▶ [YOUR INSTRUCTIONS]: Leaving the pictures aside, repeat each line below exactly.

▶ [EXTRACTED DATA]:

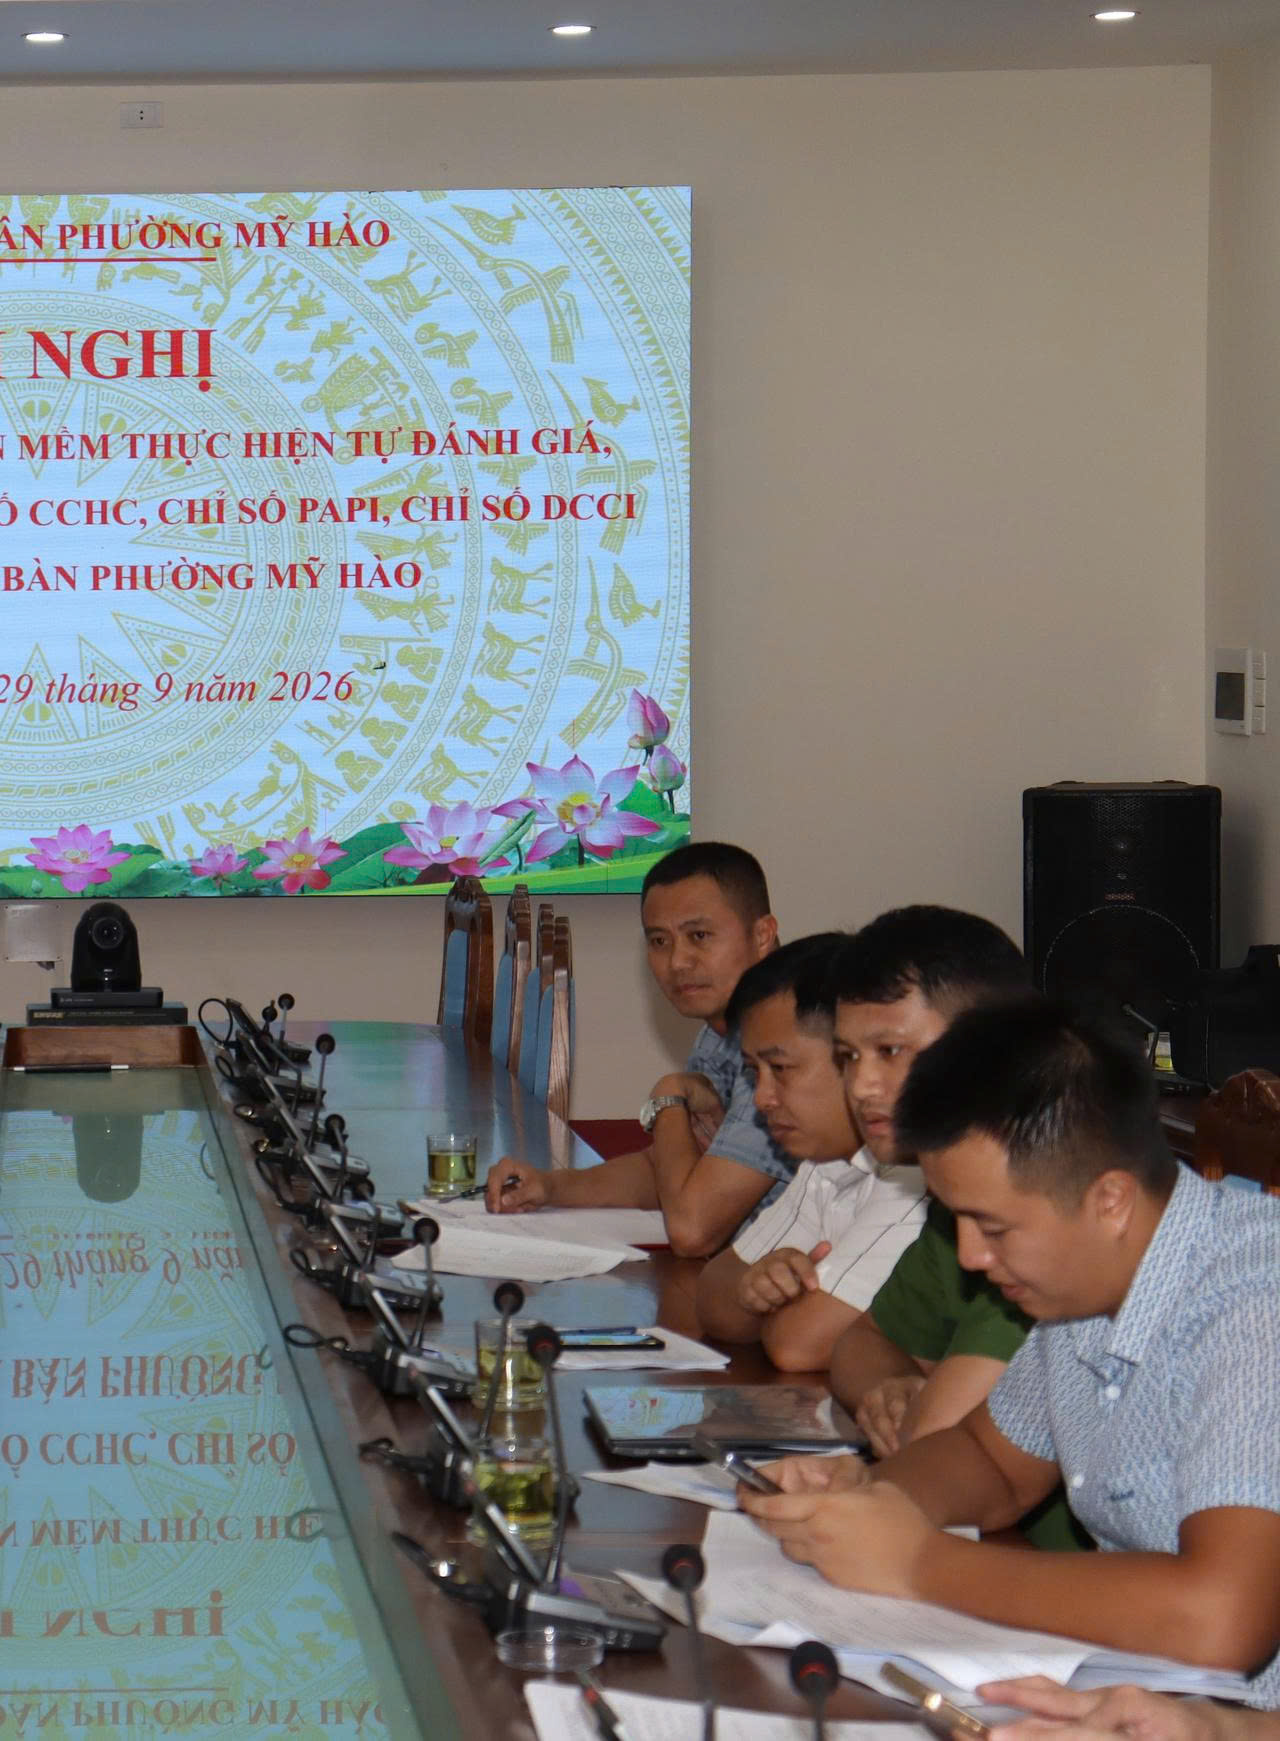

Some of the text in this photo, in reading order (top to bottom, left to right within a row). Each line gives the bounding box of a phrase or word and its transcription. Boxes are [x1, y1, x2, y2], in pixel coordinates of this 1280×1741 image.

[58, 217, 223, 250] PHƯỜNG
[235, 214, 292, 249] MỸ
[307, 212, 390, 248] HÀO
[28, 329, 216, 393] NGHỊ
[18, 426, 110, 461] MỀM
[122, 429, 231, 467] THỰC
[242, 428, 336, 465] HIỆN
[346, 425, 403, 465] TỰ
[411, 421, 519, 457] ĐÁNH
[531, 419, 612, 459] GIÁ,
[28, 498, 148, 529] CCHC,
[157, 490, 226, 526] CHỈ
[238, 488, 287, 526] SỐ
[298, 496, 391, 526] PAPI,
[400, 487, 471, 523] CHỈ
[481, 485, 532, 522] SỐ
[542, 493, 637, 521] DCCI
[2, 557, 78, 592] BÀN
[91, 556, 255, 592] PHƯỜNG
[266, 556, 325, 590] MỸ
[338, 553, 422, 589] HÀO
[45, 672, 143, 712] tháng
[154, 671, 174, 703] 9
[184, 671, 257, 703] năm
[268, 670, 355, 703] 2026

▶ [WORKED SOLUTION]:
Some of the text in this photo, in reading order (top to bottom, left to right within a row). Each line gives the bounding box of a phrase or word and its transcription. Boxes are [x1, y1, x2, y2], in pixel coordinates of this 1280×1741 image.

[58, 217, 223, 250] PHƯỜNG
[235, 214, 292, 249] MỸ
[307, 212, 390, 248] HÀO
[28, 329, 216, 393] NGHỊ
[18, 426, 110, 461] MỀM
[122, 429, 231, 467] THỰC
[242, 428, 336, 465] HIỆN
[346, 425, 403, 465] TỰ
[411, 421, 519, 457] ĐÁNH
[531, 419, 612, 459] GIÁ,
[28, 498, 148, 529] CCHC,
[157, 490, 226, 526] CHỈ
[238, 488, 287, 526] SỐ
[298, 496, 391, 526] PAPI,
[400, 487, 471, 523] CHỈ
[481, 485, 532, 522] SỐ
[542, 493, 637, 521] DCCI
[2, 557, 78, 592] BÀN
[91, 556, 255, 592] PHƯỜNG
[266, 556, 325, 590] MỸ
[338, 553, 422, 589] HÀO
[45, 672, 143, 712] tháng
[154, 671, 174, 703] 9
[184, 671, 257, 703] năm
[268, 670, 355, 703] 2026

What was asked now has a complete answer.